Judas’ Muddled Demise
Judas, known for his betrayal of Jesus, faces a gloomy end. Yet, descriptions vary. In one corner, he’s said to have hung himself in despair. But in another account, he takes a fatal tumble in a field. Was it a cliffhanger gone wrong? Or did the story spinners have different sources? It’s a mystery that we don’t have the answer to.
Solomon’s Horse Housing Mystery
Our guy Solomon was not just wise but also super wealthy. His riches could make anyone’s head spin, and he had stables for his horses. But the size of these stables varies based on accounts. Some claim he had room for 4,000 horses, while others add an extra zero, boasting 40,000 stalls. That’s quite a discrepancy!

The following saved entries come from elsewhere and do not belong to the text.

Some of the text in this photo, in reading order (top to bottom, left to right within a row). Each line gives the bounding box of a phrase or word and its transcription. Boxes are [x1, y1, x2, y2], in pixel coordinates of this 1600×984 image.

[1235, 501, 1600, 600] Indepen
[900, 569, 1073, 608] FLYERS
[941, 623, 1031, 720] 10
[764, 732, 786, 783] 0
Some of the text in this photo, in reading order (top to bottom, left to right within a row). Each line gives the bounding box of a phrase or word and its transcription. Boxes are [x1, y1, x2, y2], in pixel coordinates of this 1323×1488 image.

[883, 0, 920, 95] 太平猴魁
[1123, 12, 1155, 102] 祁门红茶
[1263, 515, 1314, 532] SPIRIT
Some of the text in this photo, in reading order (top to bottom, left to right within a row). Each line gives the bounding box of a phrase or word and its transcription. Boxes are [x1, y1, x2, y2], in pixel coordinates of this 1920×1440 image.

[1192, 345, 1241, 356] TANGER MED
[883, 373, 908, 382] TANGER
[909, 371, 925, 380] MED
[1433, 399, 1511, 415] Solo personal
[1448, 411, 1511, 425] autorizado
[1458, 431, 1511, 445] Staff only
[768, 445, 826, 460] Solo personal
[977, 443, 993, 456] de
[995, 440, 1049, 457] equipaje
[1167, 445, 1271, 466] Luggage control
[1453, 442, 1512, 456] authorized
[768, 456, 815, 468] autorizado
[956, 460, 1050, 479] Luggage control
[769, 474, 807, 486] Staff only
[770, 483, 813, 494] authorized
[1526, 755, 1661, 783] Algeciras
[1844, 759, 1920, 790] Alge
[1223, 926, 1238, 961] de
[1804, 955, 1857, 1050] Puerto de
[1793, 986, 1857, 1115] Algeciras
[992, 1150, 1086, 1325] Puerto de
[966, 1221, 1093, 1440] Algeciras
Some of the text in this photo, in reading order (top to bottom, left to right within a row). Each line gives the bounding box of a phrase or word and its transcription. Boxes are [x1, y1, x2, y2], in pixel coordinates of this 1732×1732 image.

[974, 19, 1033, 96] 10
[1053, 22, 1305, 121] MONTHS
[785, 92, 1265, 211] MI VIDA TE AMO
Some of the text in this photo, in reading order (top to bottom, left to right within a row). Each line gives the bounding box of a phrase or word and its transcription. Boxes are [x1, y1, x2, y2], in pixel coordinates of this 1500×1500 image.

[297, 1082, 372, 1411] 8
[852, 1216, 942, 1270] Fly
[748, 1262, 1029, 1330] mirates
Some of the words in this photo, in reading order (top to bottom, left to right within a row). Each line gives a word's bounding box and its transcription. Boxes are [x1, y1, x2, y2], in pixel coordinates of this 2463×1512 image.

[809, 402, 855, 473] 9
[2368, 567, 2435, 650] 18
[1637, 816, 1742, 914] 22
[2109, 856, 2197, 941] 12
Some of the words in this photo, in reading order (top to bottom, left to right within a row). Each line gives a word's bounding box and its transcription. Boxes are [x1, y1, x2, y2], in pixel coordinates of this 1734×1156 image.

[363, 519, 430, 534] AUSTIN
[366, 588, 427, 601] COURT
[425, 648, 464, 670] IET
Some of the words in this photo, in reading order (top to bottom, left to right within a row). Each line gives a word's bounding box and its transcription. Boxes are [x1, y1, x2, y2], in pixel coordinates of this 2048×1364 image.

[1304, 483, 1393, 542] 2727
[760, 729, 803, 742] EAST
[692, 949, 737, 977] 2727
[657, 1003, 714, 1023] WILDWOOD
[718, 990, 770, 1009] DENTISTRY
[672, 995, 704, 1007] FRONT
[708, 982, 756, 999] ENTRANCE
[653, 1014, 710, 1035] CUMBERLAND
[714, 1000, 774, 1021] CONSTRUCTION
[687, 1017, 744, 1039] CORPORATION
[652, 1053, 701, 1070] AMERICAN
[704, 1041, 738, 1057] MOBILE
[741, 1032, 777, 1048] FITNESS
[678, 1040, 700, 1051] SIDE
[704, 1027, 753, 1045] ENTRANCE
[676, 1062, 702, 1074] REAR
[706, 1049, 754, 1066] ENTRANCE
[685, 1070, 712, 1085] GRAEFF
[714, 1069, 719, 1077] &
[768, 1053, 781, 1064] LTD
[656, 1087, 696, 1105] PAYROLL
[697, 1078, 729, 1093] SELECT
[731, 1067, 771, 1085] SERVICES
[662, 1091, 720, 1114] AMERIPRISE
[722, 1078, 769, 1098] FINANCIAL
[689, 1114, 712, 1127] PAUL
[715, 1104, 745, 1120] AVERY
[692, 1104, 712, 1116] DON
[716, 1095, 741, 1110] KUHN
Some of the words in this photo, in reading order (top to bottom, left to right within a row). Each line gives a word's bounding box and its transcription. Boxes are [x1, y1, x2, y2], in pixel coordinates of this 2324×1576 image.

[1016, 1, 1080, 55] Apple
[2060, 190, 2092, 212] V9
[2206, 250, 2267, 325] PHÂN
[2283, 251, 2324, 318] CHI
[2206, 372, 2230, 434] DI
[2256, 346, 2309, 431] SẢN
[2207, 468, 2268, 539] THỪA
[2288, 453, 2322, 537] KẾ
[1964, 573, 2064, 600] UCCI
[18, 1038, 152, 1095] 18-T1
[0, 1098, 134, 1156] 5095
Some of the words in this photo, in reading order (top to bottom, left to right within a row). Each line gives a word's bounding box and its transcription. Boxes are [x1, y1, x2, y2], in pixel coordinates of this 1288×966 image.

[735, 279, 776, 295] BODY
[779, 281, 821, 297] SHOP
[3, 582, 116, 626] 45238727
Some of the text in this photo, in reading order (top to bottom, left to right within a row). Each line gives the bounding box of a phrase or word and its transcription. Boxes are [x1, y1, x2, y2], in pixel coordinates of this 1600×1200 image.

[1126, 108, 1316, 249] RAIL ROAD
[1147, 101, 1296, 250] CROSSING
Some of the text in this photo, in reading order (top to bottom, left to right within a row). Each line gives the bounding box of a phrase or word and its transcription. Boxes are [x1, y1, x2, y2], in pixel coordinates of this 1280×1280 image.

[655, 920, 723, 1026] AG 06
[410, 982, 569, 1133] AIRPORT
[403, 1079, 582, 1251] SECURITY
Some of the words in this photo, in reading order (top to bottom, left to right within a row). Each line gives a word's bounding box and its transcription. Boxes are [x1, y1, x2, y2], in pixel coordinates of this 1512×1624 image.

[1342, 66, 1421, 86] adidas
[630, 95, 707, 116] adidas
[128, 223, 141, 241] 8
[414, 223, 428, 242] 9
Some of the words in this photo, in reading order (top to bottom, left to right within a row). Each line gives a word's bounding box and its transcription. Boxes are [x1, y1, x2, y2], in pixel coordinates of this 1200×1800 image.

Jesus’ Age Ambiguities at Baptism
We all know Jesus had a baptismal moment. Picture it: serene river, John the Baptist doing his thing, and then the heavens open up. Some accounts state Jesus was about 30 at this point, whereas other passages suggest he began his teachings right after the baptism, and he was, you guessed it, still around 30. So, did Jesus find the secret to pausing the aging process?
Paul’s Buddy System Snafu
On his way to Damascus, Paul has this profound, life-changing experience. Bright lights, heavenly voices, the whole nine yards. But here’s the kicker: did his travel companions hear that same voice? Some accounts say they did, but they didn’t see anyone. Others say they saw the light but didn’t hear the voice. This doesn’t make any sense!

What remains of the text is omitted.